The philosophy of the movement is to savor food and associate the pleasure of nourishment with awareness and responsibility before the planet.
Created in Italy in 1986, the 'Slow Food' (slow food, in free translation) is a concept that strives for the pleasure of food and the use of quality products that respect the environment, the opposite of what happens with the Already known movement of 'fast food'.
This movement, which appeals to calm and pleasure, has as its philosophy to taste the food and to associate the pleasure of food with the conscience and responsibility before the planet. "It is useless to force the rhythms of life.
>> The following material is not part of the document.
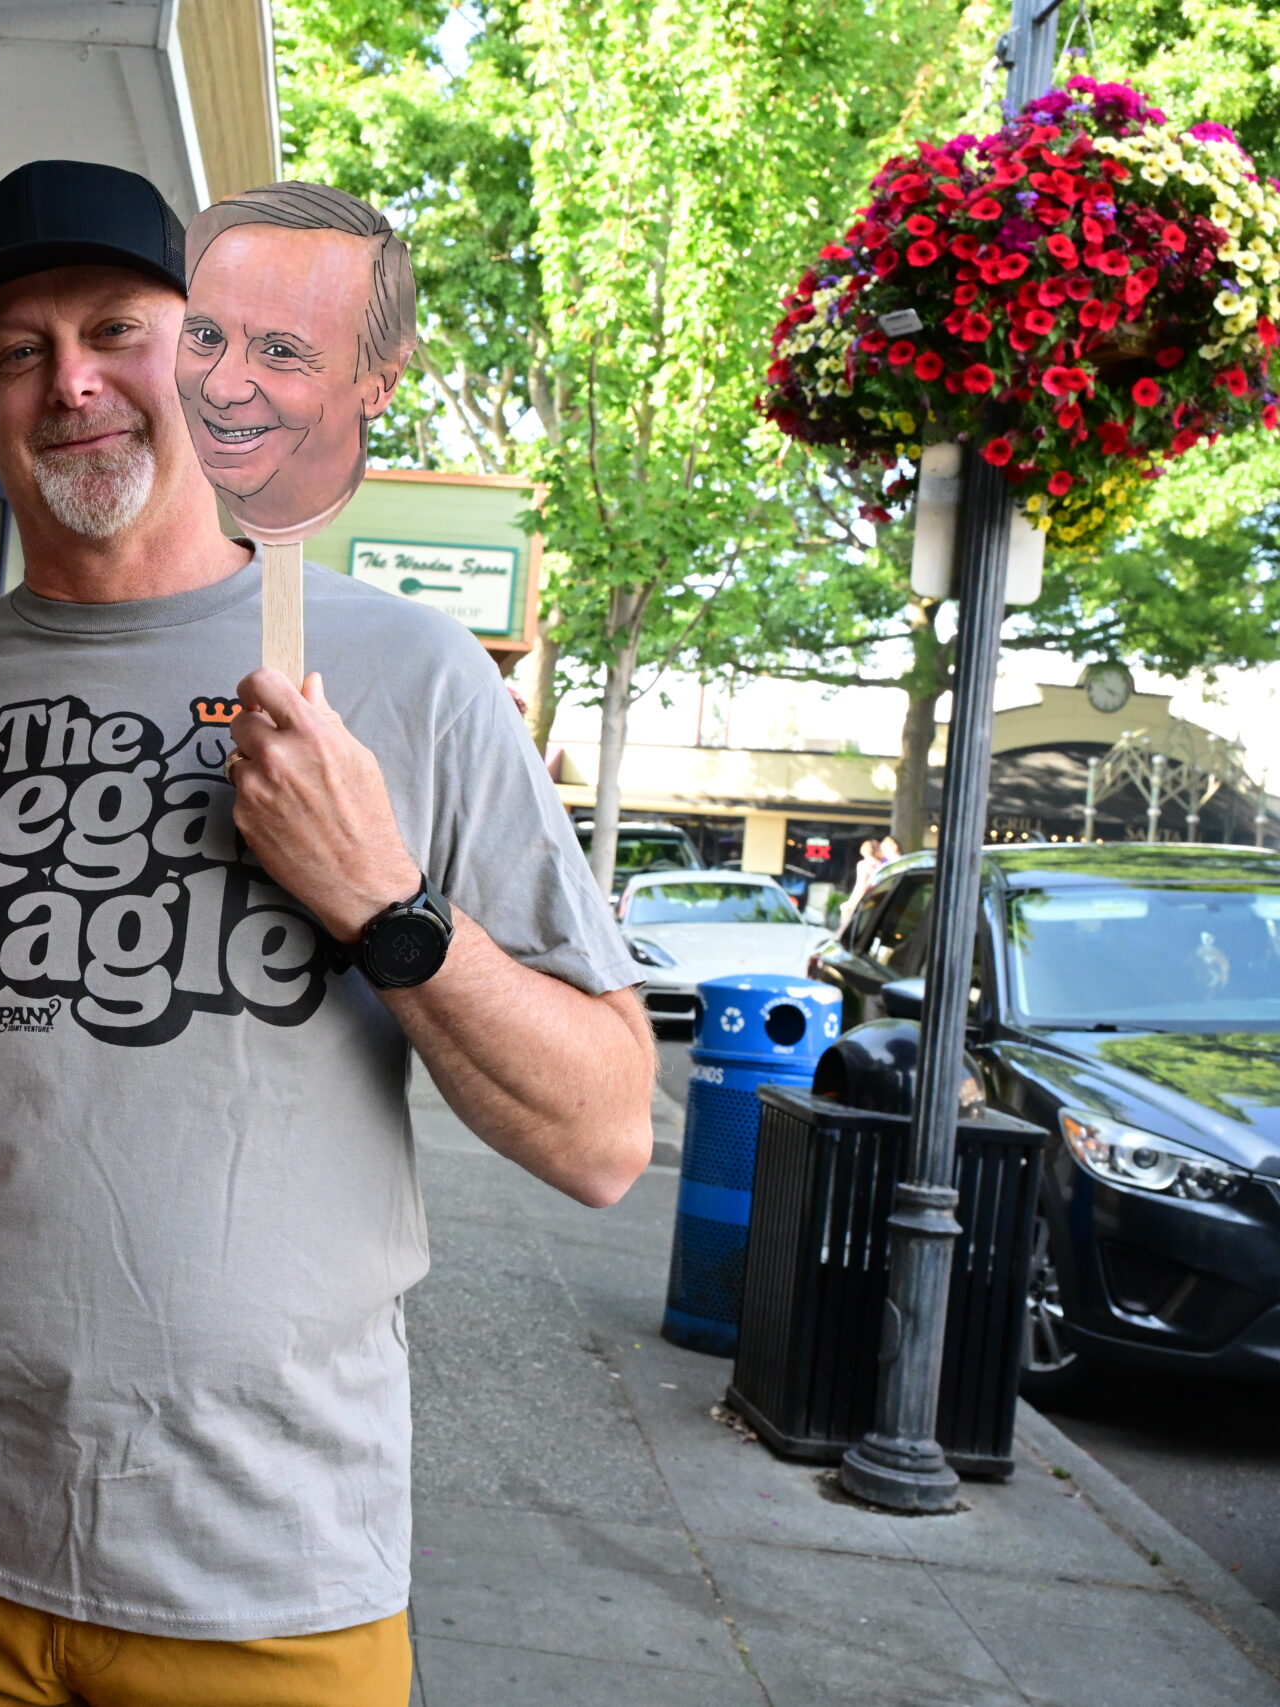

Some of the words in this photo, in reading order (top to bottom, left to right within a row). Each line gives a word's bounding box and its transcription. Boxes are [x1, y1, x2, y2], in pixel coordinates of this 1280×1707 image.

The art of living consists in learning to give things time, "says Carlo Petrini, founder of Slow Food.
According to the doctor Juliano Pimentel, Slow Food intends to maintain local food traditions and increase people's interest in the food they eat and the impact that their production has on the environment.
The three pillars that give life to Slow Food are the good, the clean and the just. The 'good' is because the food must have quality, it must be seasonal, tasty and healthy; The 'clean' is because production and consumption should not harm the environment, animal welfare or health. Already the 'fair' is applied because prices must be accessible to producers and consumers.
Slow Food is a movement that still keeps the importance of food having time to grow, something that is essential for organic and sustainable food. Animals should also not receive ration to become mature more quickly.